Abstract:Practitioners have consistently observed three puzzling phenomena in transformer-based large language models (LLMs): attention sinks, value-state drains, and residual-state peaks, collectively referred to as extreme-token phenomena. These phenomena are characterized by certain so-called "sink tokens" receiving disproportionately high attention weights, exhibiting significantly smaller value states, and having much larger residual-state norms than those of other tokens. These extreme tokens give rise to various challenges in LLM inference, quantization, and interpretability. We elucidate the mechanisms behind extreme-token phenomena. First, we show that these phenomena arise in very simple architectures -- transformers with one to three layers -- trained on a toy model, the Bigram-Backcopy (BB) task. In this setting, we identify an active-dormant mechanism, where attention heads become sinks for specific input domains while remaining non-sinks for others. Our theoretical analysis of the training dynamics reveals that these phenomena are driven by a mutual reinforcement mechanism.
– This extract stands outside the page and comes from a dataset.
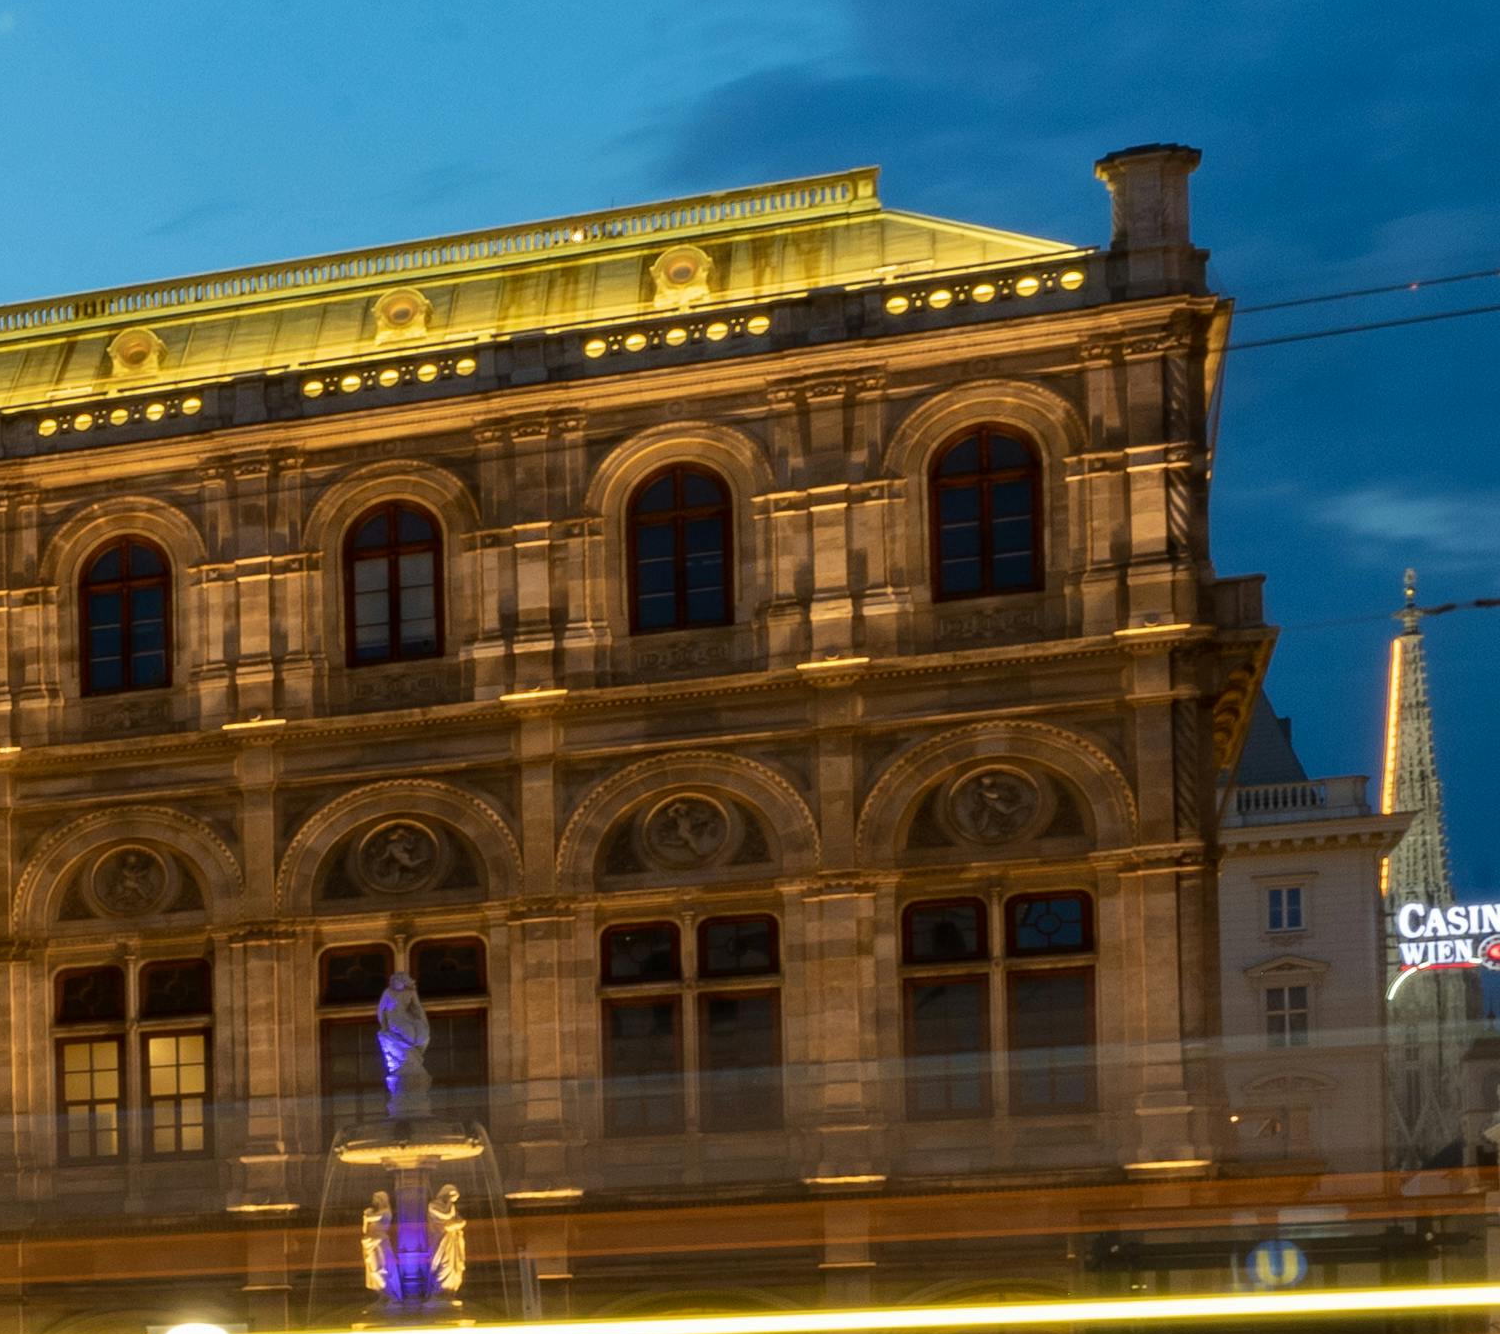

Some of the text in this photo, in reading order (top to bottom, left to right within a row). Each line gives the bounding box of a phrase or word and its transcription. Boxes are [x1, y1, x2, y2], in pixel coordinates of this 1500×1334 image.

Building on these insights, we propose strategies to mitigate extreme-token phenomena during pretraining, including replacing softmax with ReLU and Adam with SGD. Next, we extend our analysis to pretrained LLMs, including Llama and OLMo, showing that many attention heads exhibit a similar active-dormant mechanism as in the BB task, and that the mutual reinforcement mechanism also governs the emergence of extreme-token phenomena during LLM pretraining. Our results reveal that many of the static and dynamic properties of extreme-token phenomena predicted by the BB task align with observations in pretrained LLMs.

What problem does this paper attempt to address?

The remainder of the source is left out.